The border between the two Kashmirs should be made soft so that the citizens of the two sides
travel freely, without any passport or papers, in both parts. (I hope terrorism will be over by that
time). The status for these areas is that of an autonomous unit. The three subjects - foreign
affairs, defence and communications - will vest in the government in New Delhi as far as Kashmir
is concerned and Islamabad regarding "Azad Kashmir."
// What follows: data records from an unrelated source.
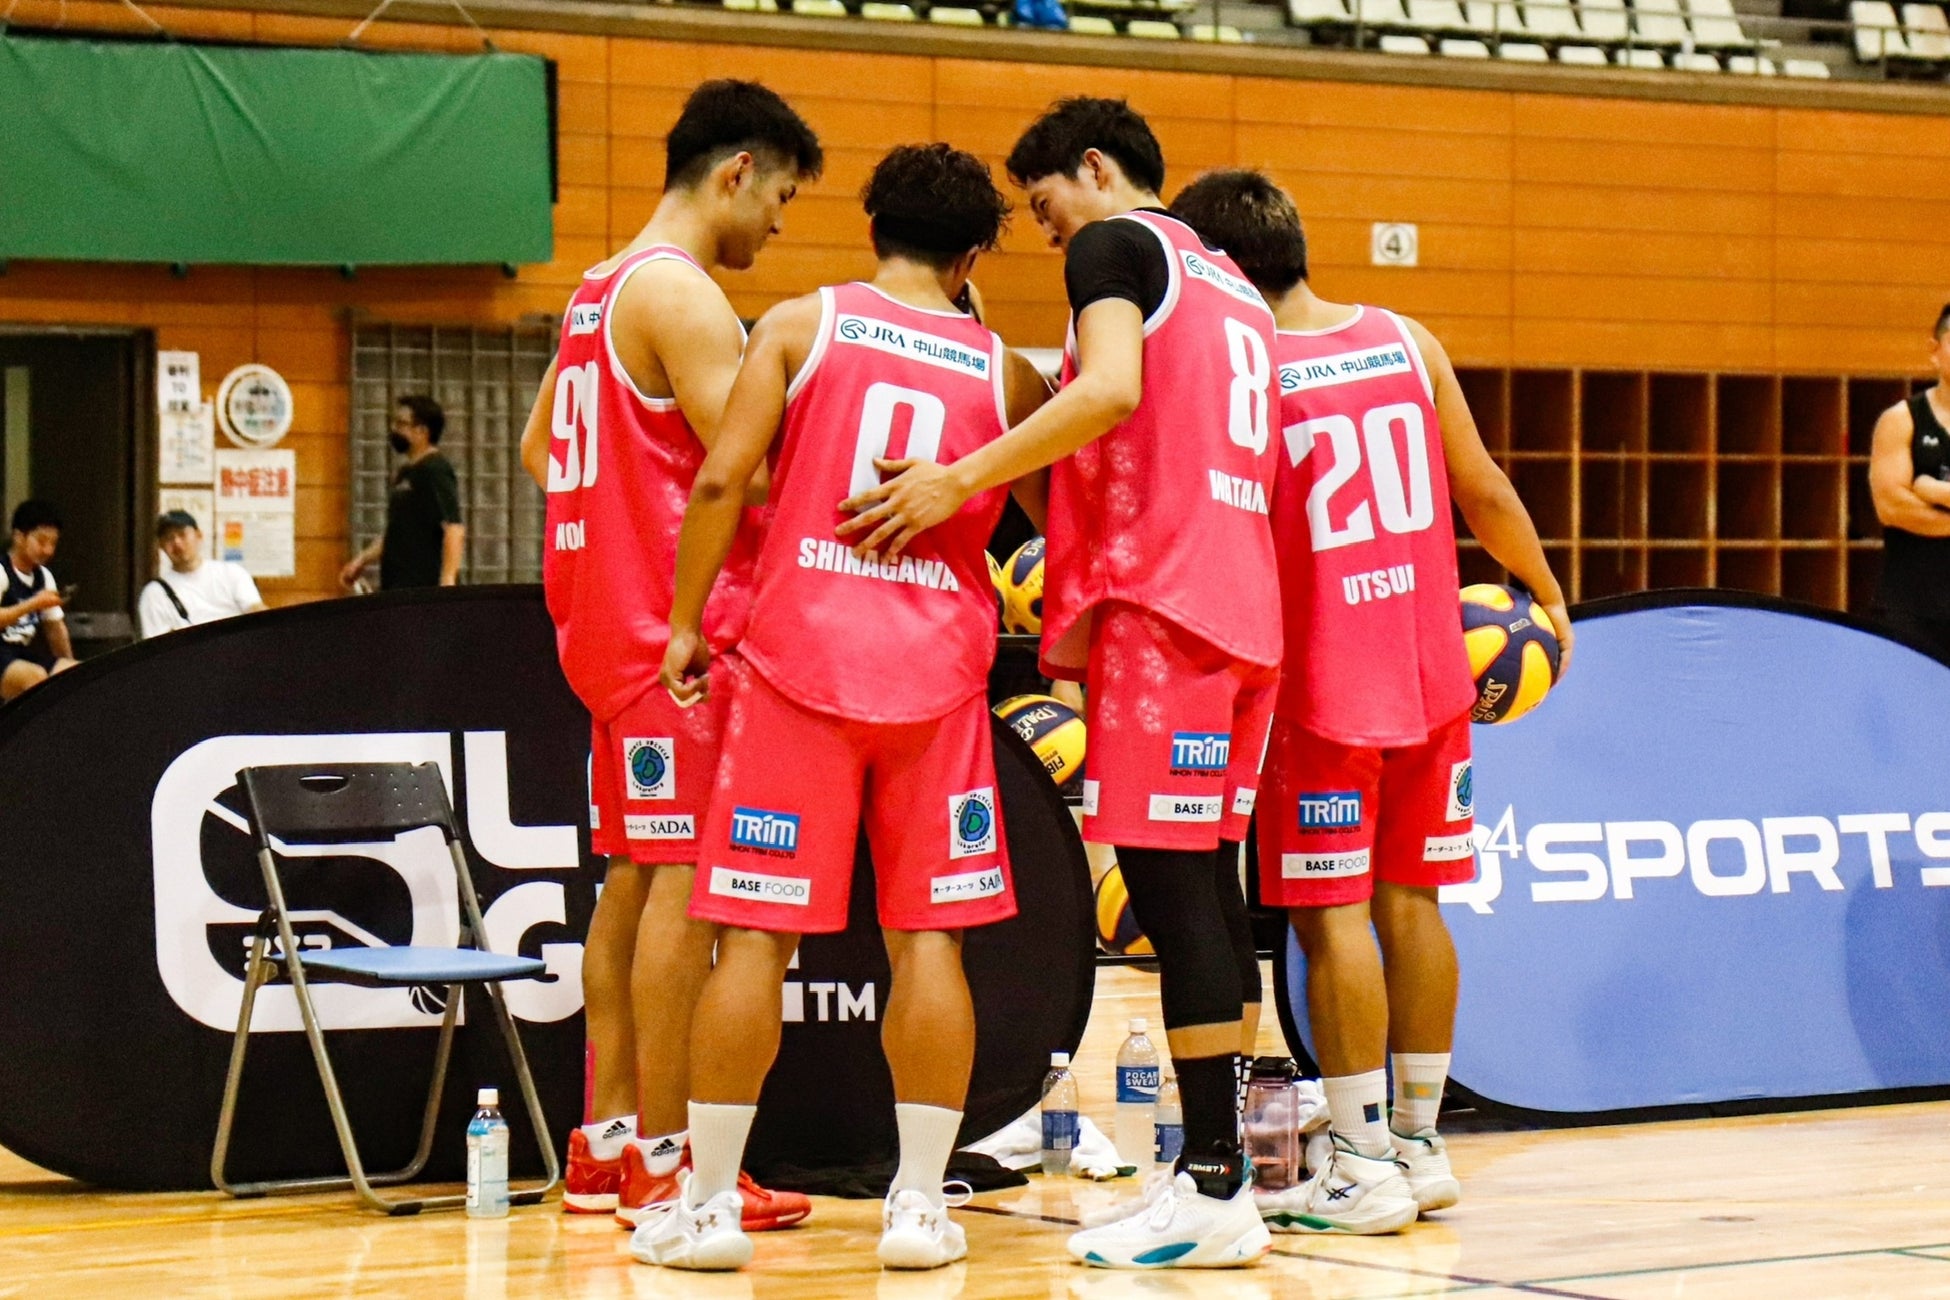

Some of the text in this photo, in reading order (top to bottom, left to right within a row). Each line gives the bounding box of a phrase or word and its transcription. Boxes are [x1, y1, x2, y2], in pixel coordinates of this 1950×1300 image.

[1384, 232, 1403, 256] 4
[869, 326, 986, 372] JRA 中山競馬場
[1304, 350, 1406, 381] JRA 中山競馬場
[1223, 316, 1272, 457] 8
[847, 381, 946, 515] 0
[1283, 401, 1435, 553] 20
[797, 536, 960, 593] SHINAGAWA
[1341, 563, 1416, 606] UTSUI
[1174, 802, 1220, 815] BASE FO
[650, 820, 692, 834] SADA
[1305, 855, 1368, 871] BASE FOOD
[731, 878, 805, 896] BASE FOOD
[602, 1127, 632, 1139] adidas
[651, 1145, 681, 1157] adidas
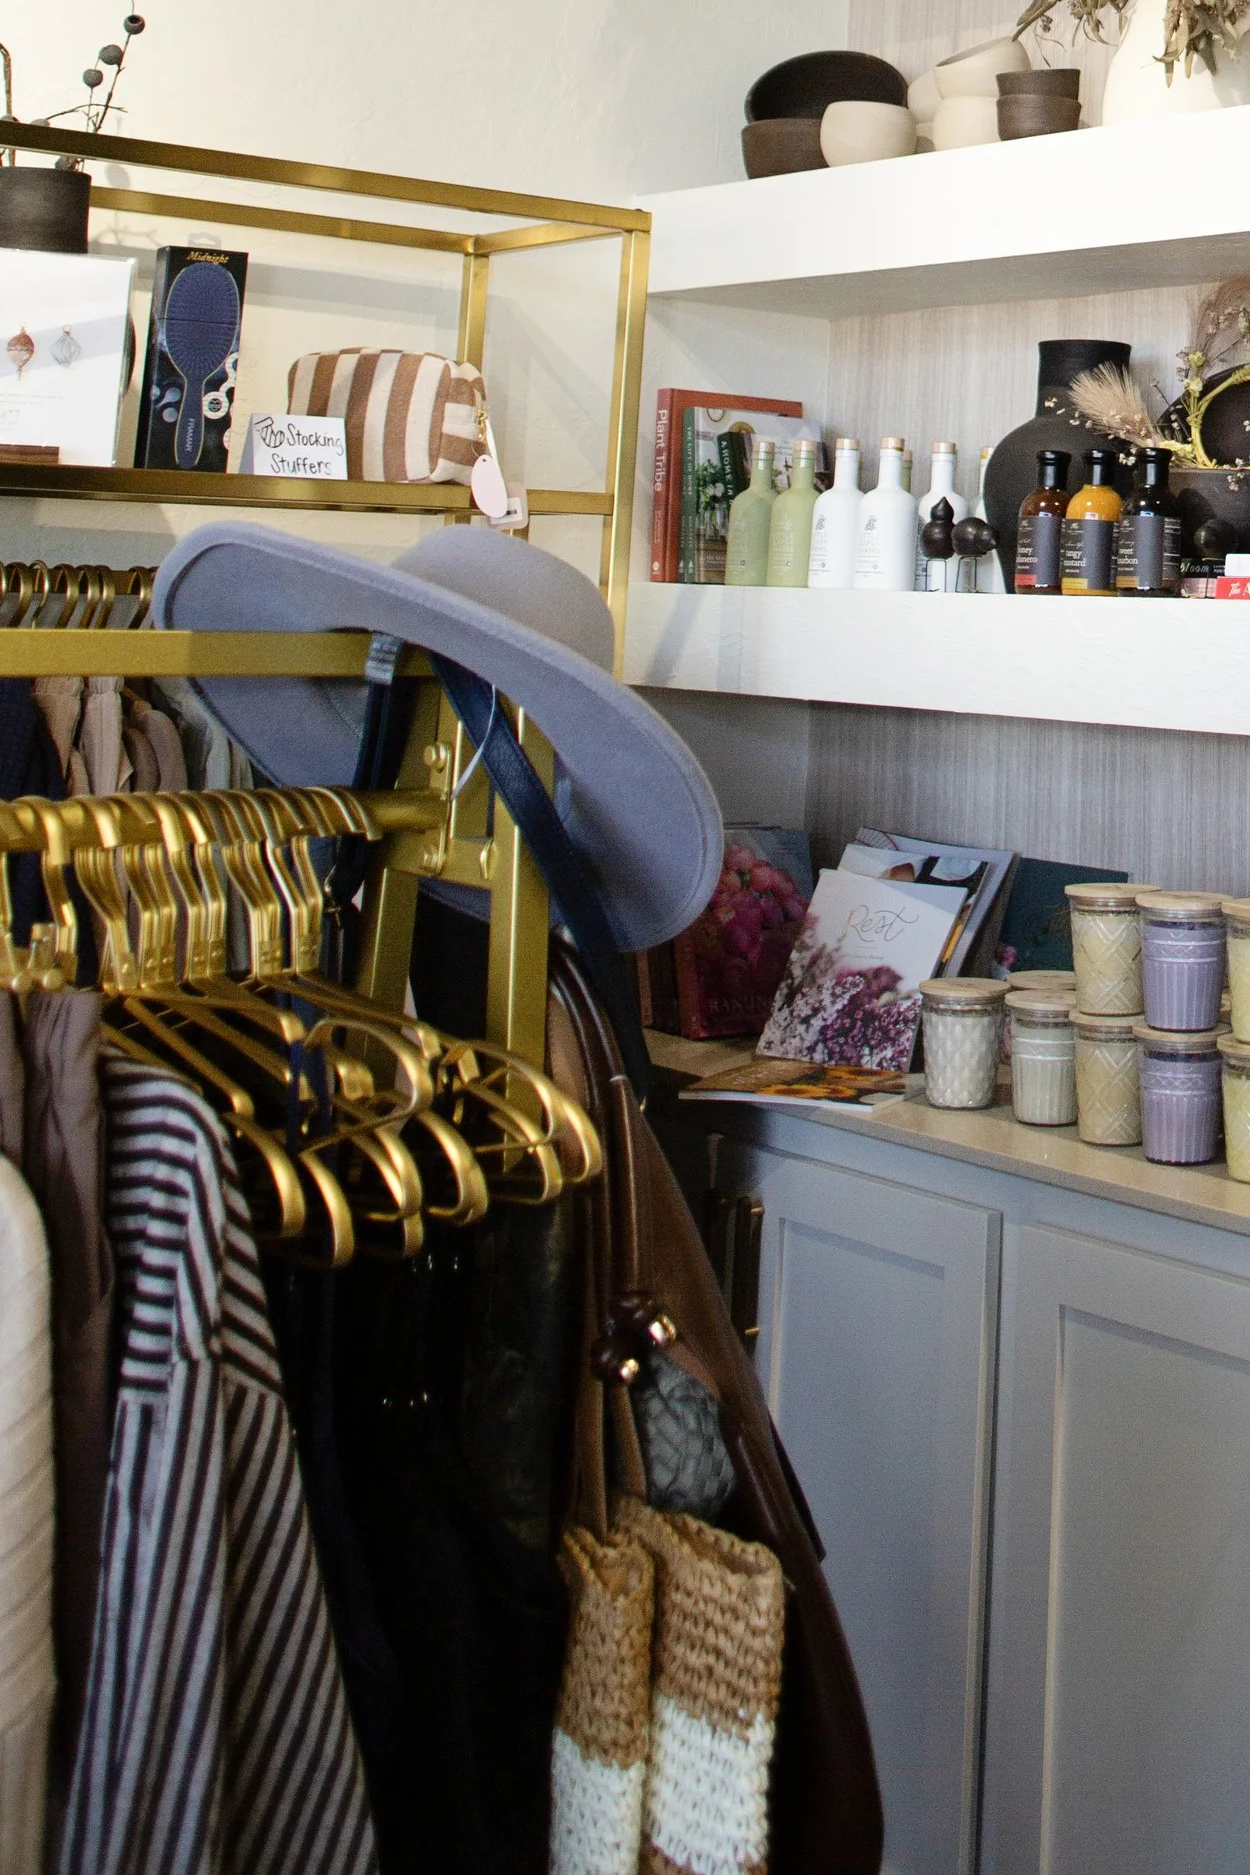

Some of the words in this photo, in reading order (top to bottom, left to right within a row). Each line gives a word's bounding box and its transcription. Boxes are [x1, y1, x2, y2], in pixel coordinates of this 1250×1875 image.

Both Kashmirs should be demilitarised, India withdrawing its forces from the valley and stationing
them at the valley's border. Pakistan will do a similar thing regarding "Azad Kashmir". The UN and
major powers should be individually or collectively involved to guarantee the demilitarisation of
the areas if and when a final settlement is reached.

The settlement should be final. There will be no reopening. Both countries should withdraw their
complaint from the UN and other international bodies. All the 72 confidence-building measures -
India has increased the number from eight to 72 - should be implemented straightaway so that
people-to-people contact increases and trade gets going.

I know General Musharraf is allergic to the line of control (LoC). But there has to be some line
drawn to demarcate the border. The LoC can be straightened as Prime Minister Indira Gandhi
had suggested to the then Pakistan Prime Minister, Zulfikar Ali Bhutto, at Shimla. Islamabad
knows it well that the international community is in favour of the LoC becoming a permanent
border, with minimum changes.

Since the communications is one of the subjects entrusted to the Central government on either
side, the autonomous areas will not feel that they are landlocked. Facilities available in both India
and Pakistan will be at the disposal of the two Kashmirs. With soft borders, they can trade
between themselves, have a common currency if they so desire and receive tourists freely from
all over the world. Both Kashmirs can transfer more subjects to Central governments, "Azad
Kashmir" to Islamabad and the valley to New Delhi. It is up to their state assemblies to do so
once the settlement is signed, sealed and delivered and fresh elections held.